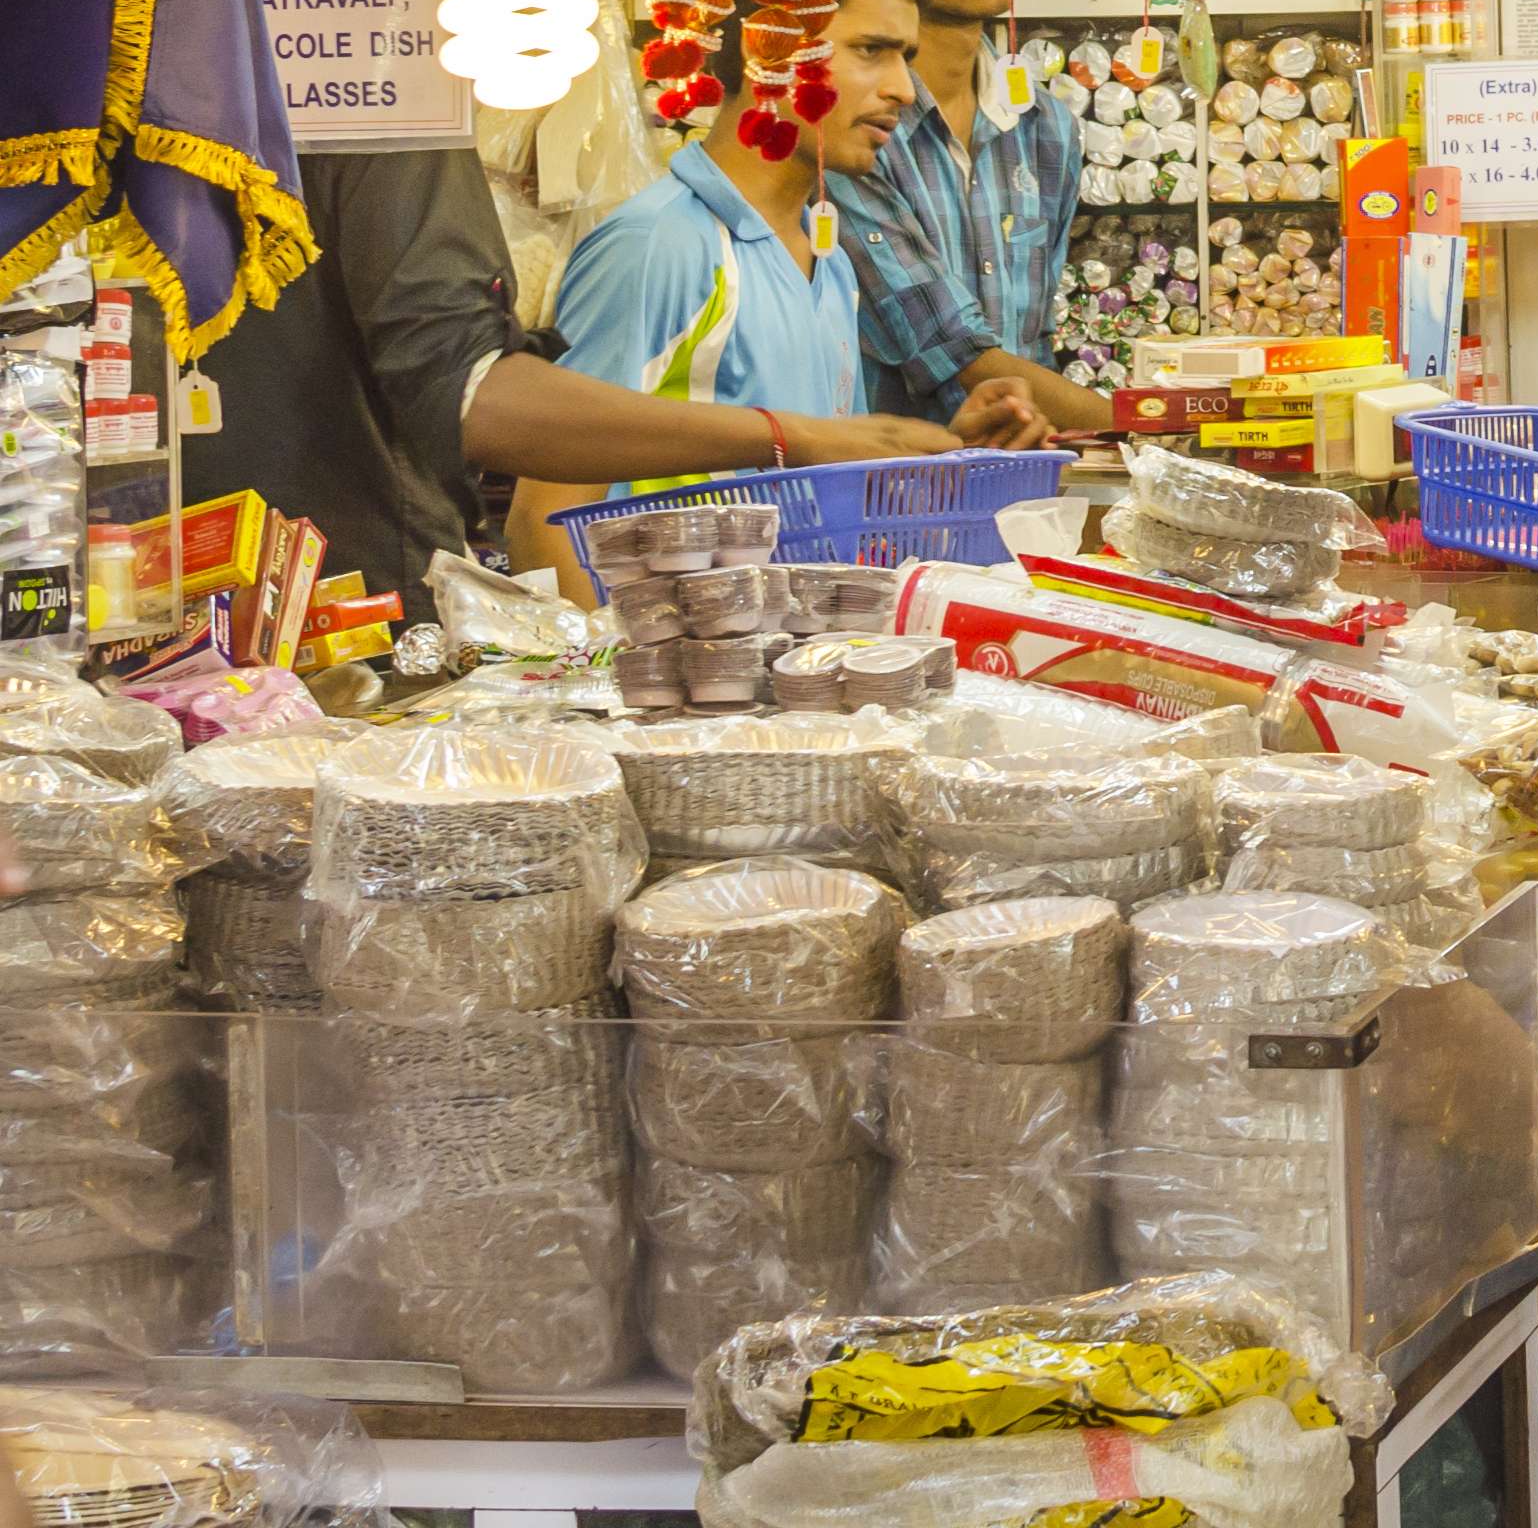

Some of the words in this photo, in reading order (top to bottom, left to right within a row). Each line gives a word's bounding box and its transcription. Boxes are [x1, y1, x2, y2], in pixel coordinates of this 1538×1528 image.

[274, 32, 353, 59] COLE
[369, 30, 434, 57] DISH
[286, 80, 397, 108] LASSES
[1479, 77, 1538, 98] (Extra)
[1446, 113, 1485, 125] PRICE
[1506, 112, 1525, 124] PC.
[1441, 139, 1460, 155] 10
[1482, 138, 1500, 154] 14
[1484, 168, 1504, 183] 16
[1184, 396, 1229, 414] ECO
[1281, 400, 1313, 413] TIRTH
[1237, 431, 1269, 442] TIRTH
[8, 586, 68, 612] HILTON
[102, 611, 199, 665] SRADHA

··········

# [About this task]
From the first line to the last, output the records exactly without pictures.

# [Reply to the exercise]
Some of the words in this photo, in reading order (top to bottom, left to right within a row). Each line gives a word's bounding box and its transcription. Boxes are [x1, y1, x2, y2], in pixel coordinates of this 1538×1528 image.

[274, 32, 353, 59] COLE
[369, 30, 434, 57] DISH
[286, 80, 397, 108] LASSES
[1479, 77, 1538, 98] (Extra)
[1446, 113, 1485, 125] PRICE
[1506, 112, 1525, 124] PC.
[1441, 139, 1460, 155] 10
[1482, 138, 1500, 154] 14
[1484, 168, 1504, 183] 16
[1184, 396, 1229, 414] ECO
[1281, 400, 1313, 413] TIRTH
[1237, 431, 1269, 442] TIRTH
[8, 586, 68, 612] HILTON
[102, 611, 199, 665] SRADHA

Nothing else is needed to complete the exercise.